First, the plaintiffs contend that the Mentzells are not named defendants, and Rule 1066(a) only requires an affidavit to the effect that the defendants have not filed an answer. Absent an order granting them leave to intervene, the plaintiffs contend that the Mentzells cannot qualify as "defendants". The answer and new matter filed by the Mentzells claims that the subject properly was a city street and that as property owners in the plan they had an interest in the same. Paragraph 21 in the new matter filed against the Adamsky complaint alleges further that they are the owners and possessors of a portion of the land described in the plaintiffs' complaint, claiming title through the deed of Clara L. Givens, widow. Viewing the answer and new matter as filed as a whole, it is apparent that the Mentzells were asserting their claim to the property as successors to the interest of the named defendants. Where a quiet title action is brought against named defendants, "their successors and assigns", a petition to intervene is unnecessary where the parties filing claim to be a successor or assignee of the rights of the named defendant. Vukson v. Bidler, 72 Schuylkill(Illegible Word) I view the position of the Mentzells as being that of defendants insofar as the application of Rule 1066(a) is concerned. Having reached the conclusion that the Mentzells are in a position of being defendants, the requirements of Rule 1066(a) would provide that a judgment for want of an answer can be entered only after the moving party files an affidavit that a defendant has not filed an answer. It should be noted that the rule does not make the lack of service of an answer a condition precedent to taking a default judgment, but demands an affidavit that, in fact, no answer has been filed. See Goodrich-Amram 2d, 1066(a)1. In their 1973 petition and affidavit the plaintiffs did not state to the court that they had not received an answer in accordance with Rule 1027 but rather asserted that no answer had been filed. Such a statement was, as a matter of record, incorrect. In the case of Norwich v. Beaver, 14 D&C 3rd, 72 (1980), the court reiterated the requirements of Rule 1066(a) by stating at page 74:

"Under Pennsylvania Rule of Civil Procedure 1066(a), a judgment could have been entered against Columbia Sportsmen only if it had failed to file a responsive pleading. Since such a pleading was filed, however, no judgment could be entered against Columbia Sportsmen until after a hearing or trial on the pleadings or merits."
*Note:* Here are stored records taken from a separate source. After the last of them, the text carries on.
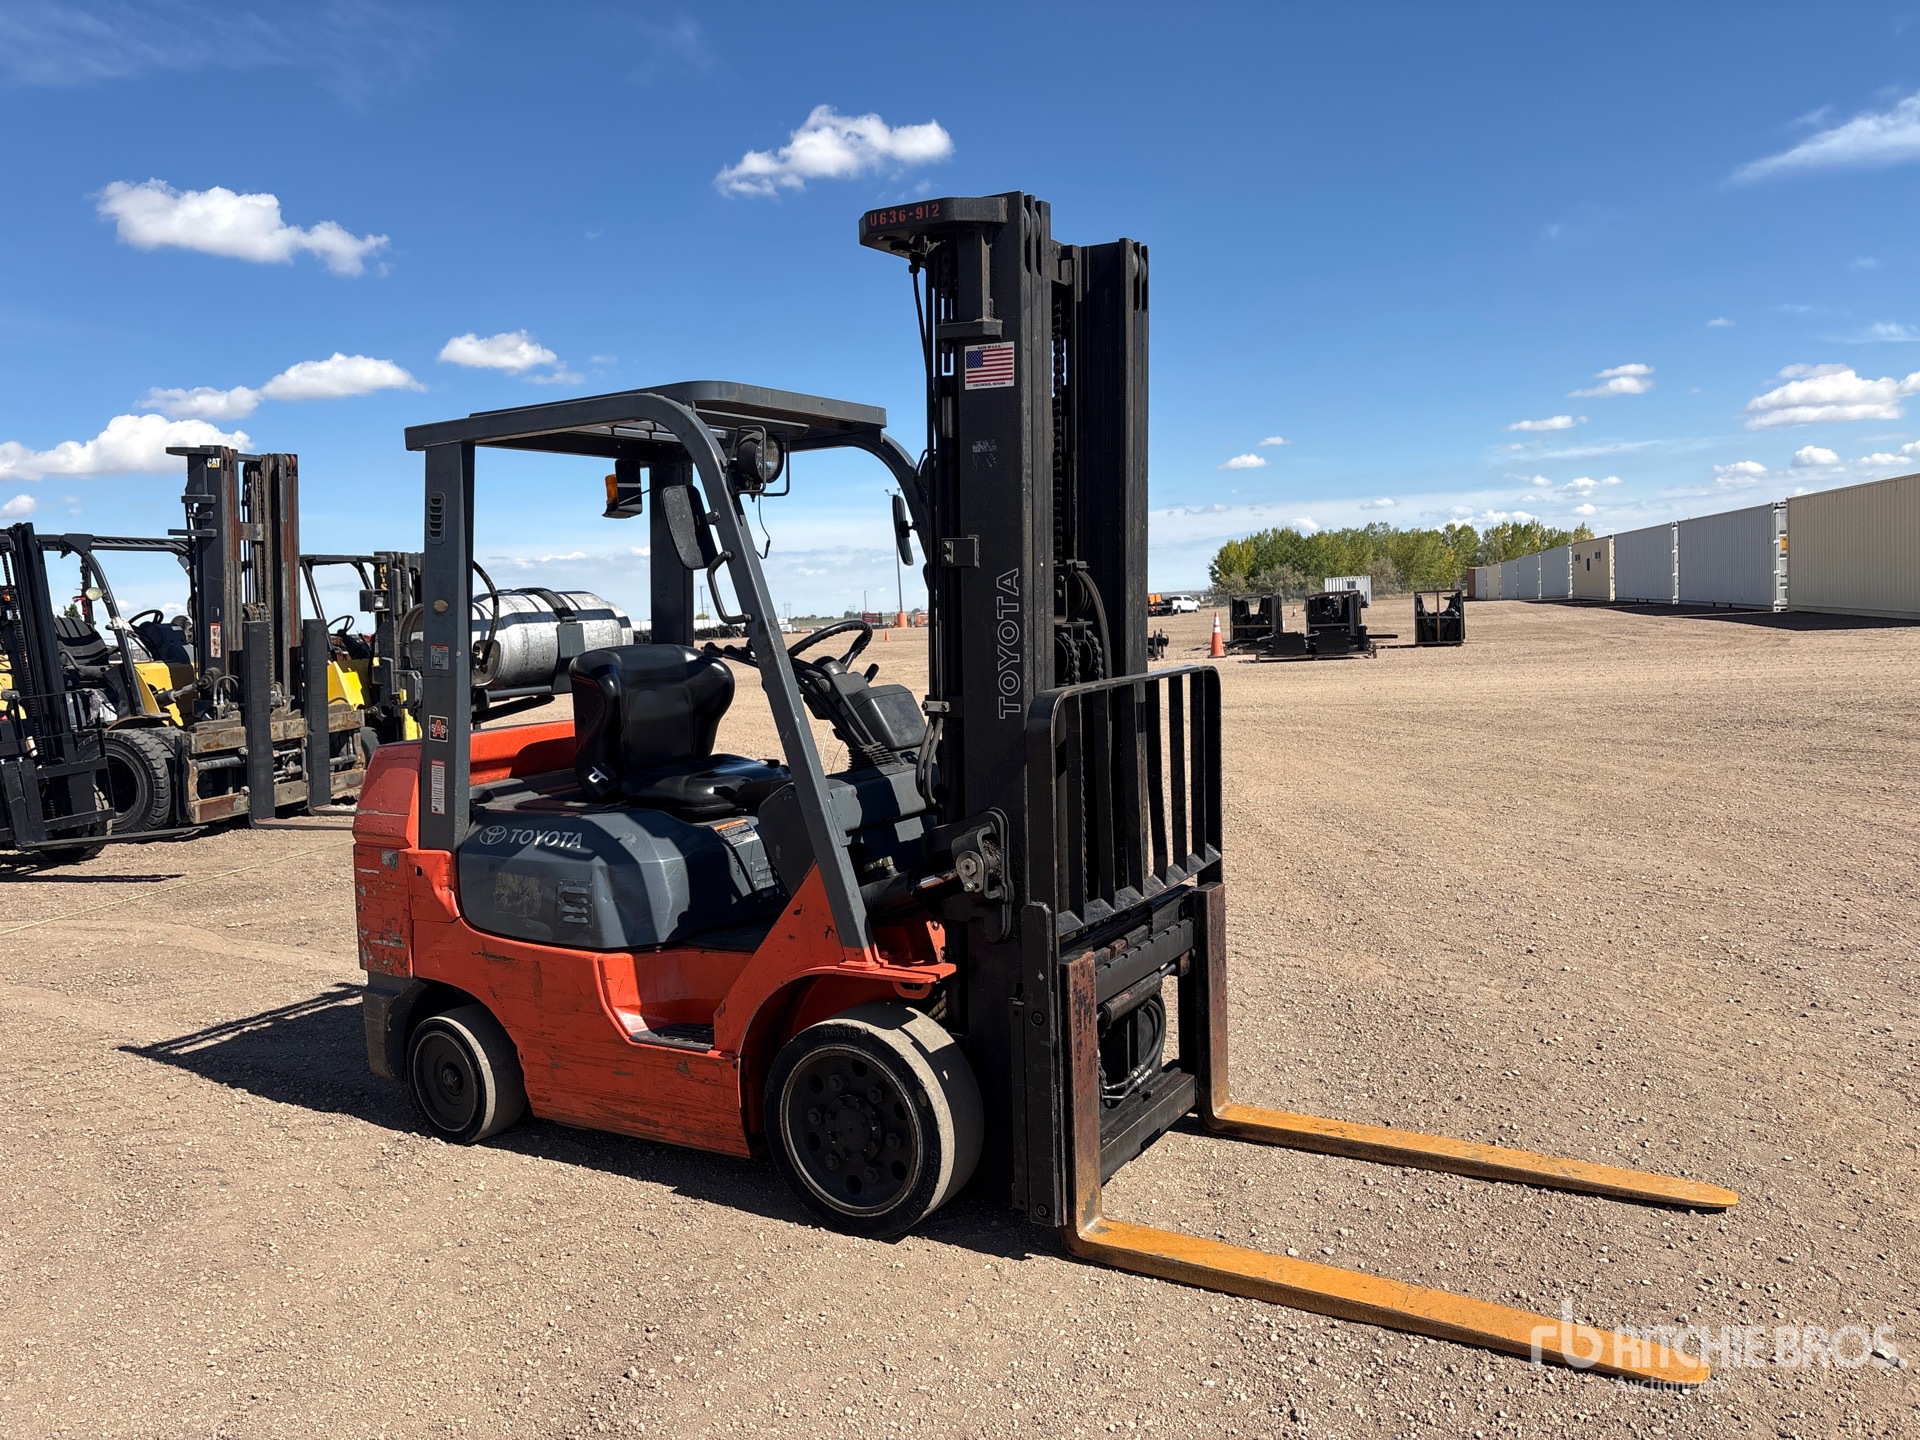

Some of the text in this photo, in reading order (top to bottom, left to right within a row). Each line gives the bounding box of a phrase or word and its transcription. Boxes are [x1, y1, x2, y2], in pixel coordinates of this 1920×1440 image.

[870, 203, 940, 227] U636-912
[207, 457, 221, 468] CAT
[996, 567, 1022, 720] TOYOTA
[509, 828, 583, 849] TOYOTA
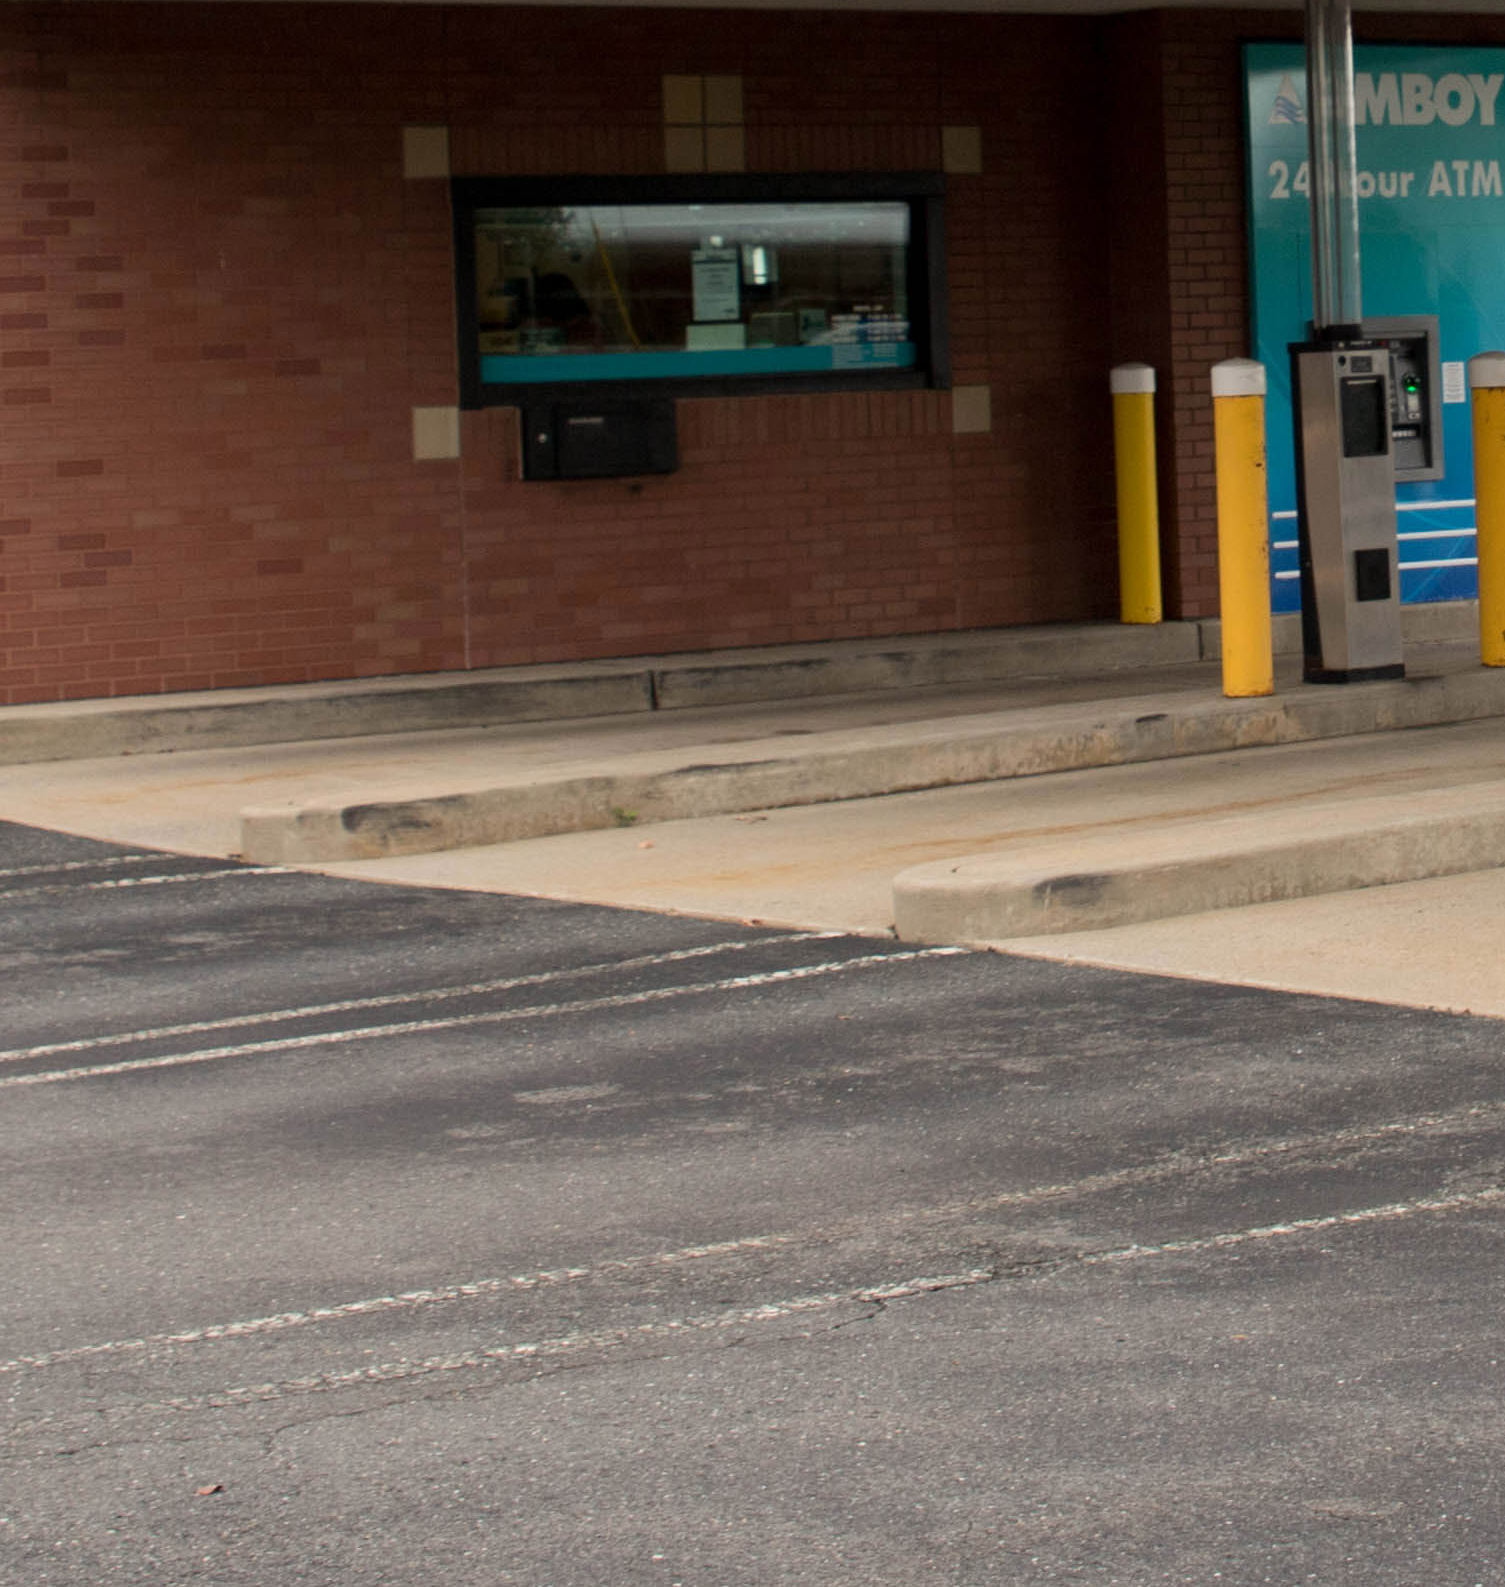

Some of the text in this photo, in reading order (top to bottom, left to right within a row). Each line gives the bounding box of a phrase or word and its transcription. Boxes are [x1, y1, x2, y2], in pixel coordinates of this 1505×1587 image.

[1354, 73, 1504, 126] MBOY
[1268, 160, 1503, 199] 24 our ATM
I, therefore, must conclude that a judgment in a quiet title action entered by default after an answer has been filed, is, in fact, a nullity and should be stricken; notwithstanding the fact that service of the same was never made. There next remains the distressing problem of laches and whether or not equity should permit the striking of a judgment after the passage of ten (10) years. If, however, a judgment is unauthorized and void as I find this one to be, it may be stricken at any time since the doctrine of laches is not to be applied under such circumstances, Commonwealth, Department of Environmental Resources v. Allias, Pa. Commw. , 341 A.2d 226, 228 (1975); Romberger v. Romberger, 290 Pa. 454, 139 A. 159 (1927). Since the face of the record shows that the judgment is defective, it should be stricken; however, the Mentzells request for judgment in their favor must likewise be dismissed by reason of their failure to adhere to the requirements of Rule 1027.

Order OF COURT

AND NOW, this 4th day of March, 1982, the plaintiffs' preliminary objections are hereby dismissed; and the judgment in favor of the plaintiffs dated September 10, 1973, is hereby stricken. The plaintiffs are granted twenty (20) days from the date of this order to file a responsive pleading to the new matter of Carrol F. Mentzell, et al.

BY THE COURT:(Illegible Word) Judge

ATTEST:

Prothonotary

19840622

© 1998 VersusLaw Inc.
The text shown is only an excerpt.